Last night I go out with friends and I end up meeting a friend of a friend. We hit it off. Mentally, physically, all of it. Laughing, talking, flirting all night. Gently touching my arm and the small of my back. Buying me a drink and generally giving me full attention all night and then inviting me to meet him tonight....where he is playing guitar/singing at a rather reputable restaurant in my city. I should note that we met while seeing friends of mine that were playing - and they are fabulous, professional musicians. So, I grab my neighbor, who loves said restaurant, and we head down there tonight to see him "play." In my mind, I was thinking it was a "win-win" because the restaurant is terrific and you know....he's hot...and a liberal!

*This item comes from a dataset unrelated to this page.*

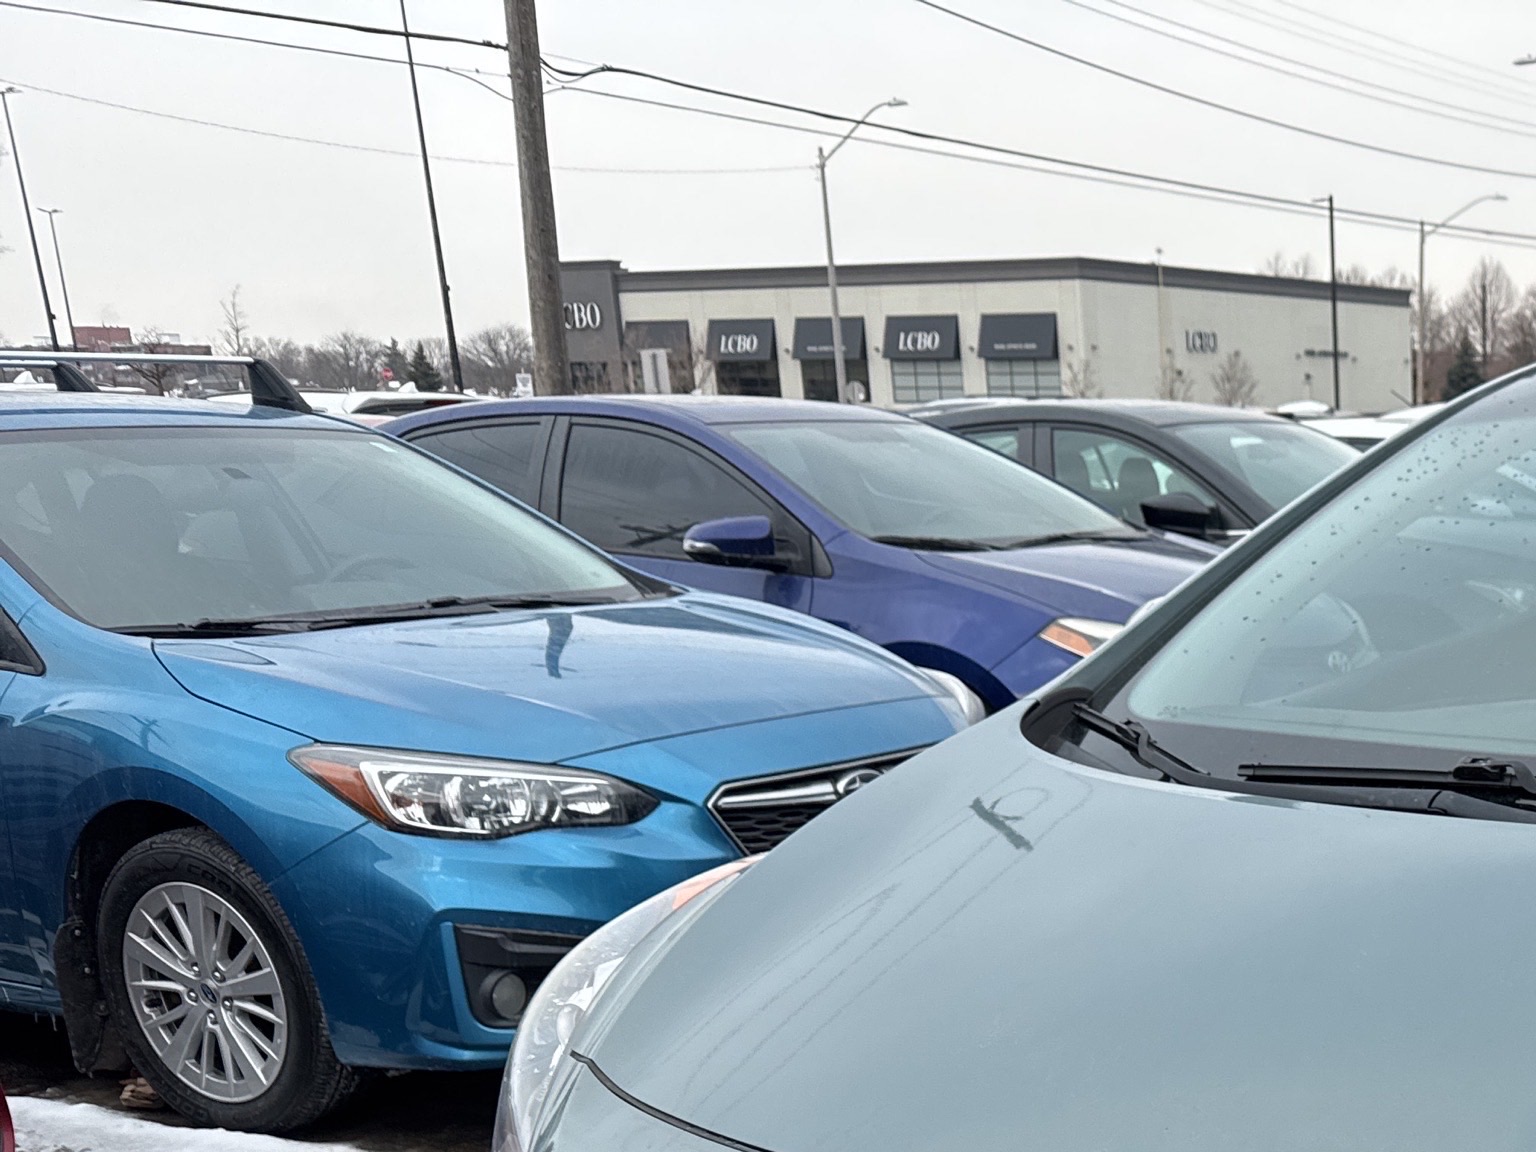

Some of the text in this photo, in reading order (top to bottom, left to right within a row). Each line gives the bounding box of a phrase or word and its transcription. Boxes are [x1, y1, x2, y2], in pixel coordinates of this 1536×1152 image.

[562, 302, 600, 330] CBO
[720, 334, 758, 354] LCBO
[898, 331, 940, 352] LCBO
[1185, 330, 1218, 354] LCBO

So, I get down there tonight and he's already on "stage." It's a fabulous French restaurant with an incredible Happy Hour and beyond. We order a bottle of wine ( Chateauneuf-du-Pape 2001, muscles in white wine, and an assorted cheese/fruit) and settle in for the show.
Friends.....he is awful. There we were. High expectations. Hot guy. Single. Great taste. French restaurant. Spectacular French wine. And he is horrible.

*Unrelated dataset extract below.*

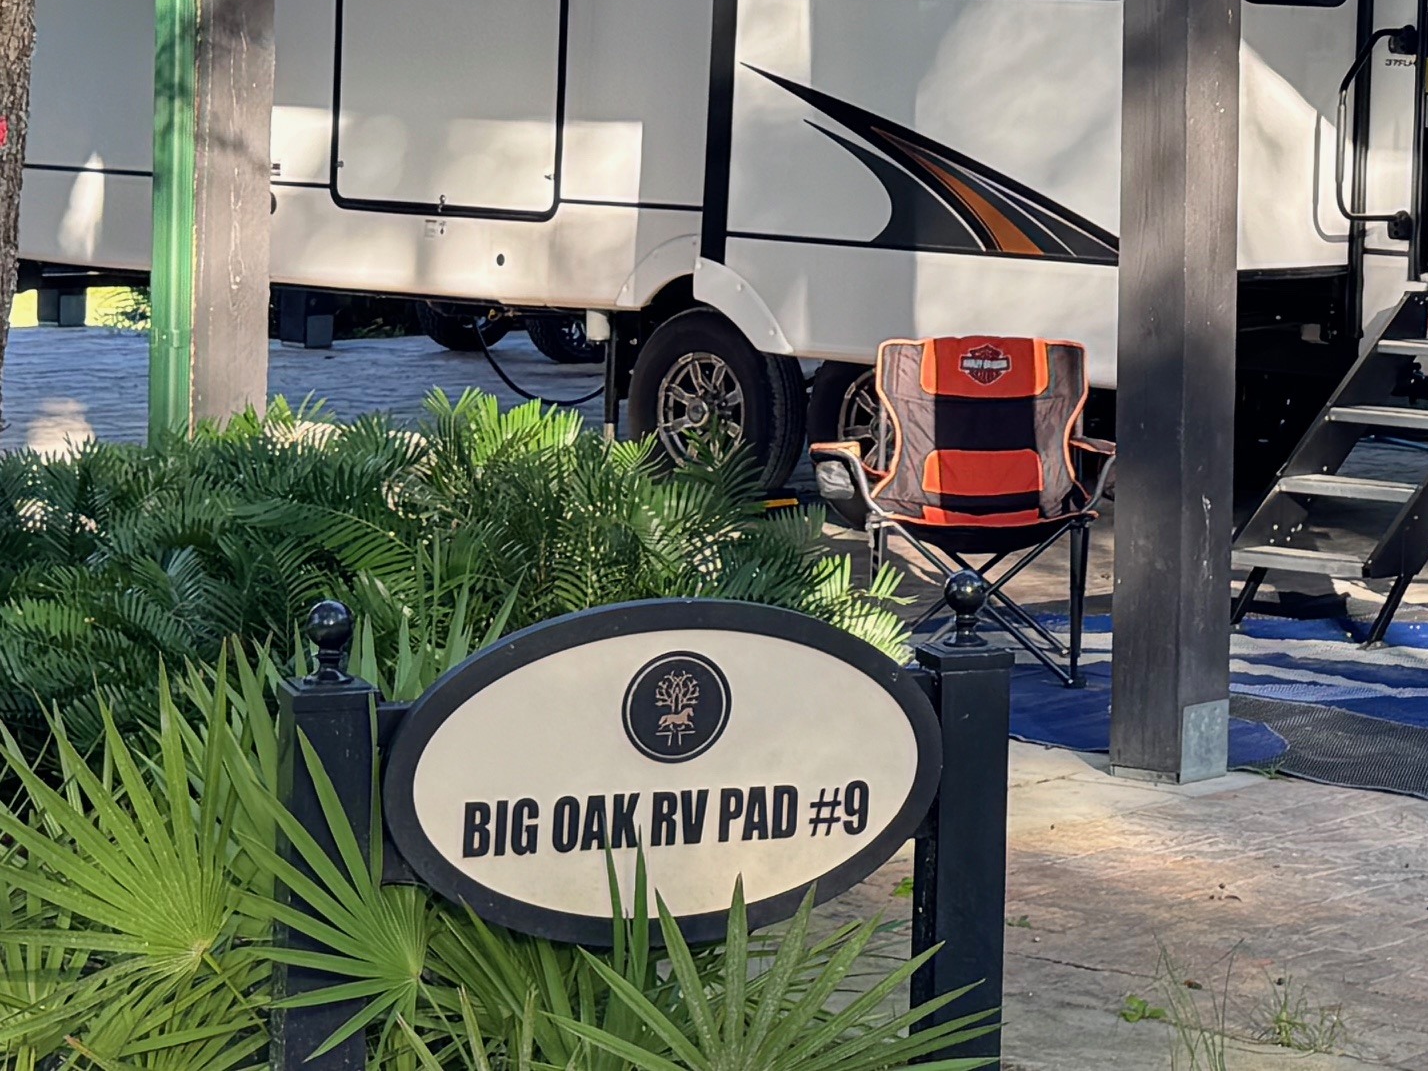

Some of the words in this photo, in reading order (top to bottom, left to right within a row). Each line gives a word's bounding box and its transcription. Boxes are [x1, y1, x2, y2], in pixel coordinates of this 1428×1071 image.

It was a jump the shark moment. Thankfully, we were in a rather dark corner and I never even had to let him know I was there. I'm certain that he didn't see me and thankful to keep it that way. I can't imagine what I would have to say and I doubt the restaurant will keep him around long.
Was it wrong for me to be there and never acknowledge that I'd met him and hit it off the night before? It was like a Seinfeld episode where you know there is no turning back in the dating world. I just couldn't date somebody in their '30's who was so piss poor at singing/playing guitar and still trying to do it publicly. I mean, as a girlfriend of a musician, you have to believe.
And as hot as he was.......he was horrible. Bad.
Is that wrong?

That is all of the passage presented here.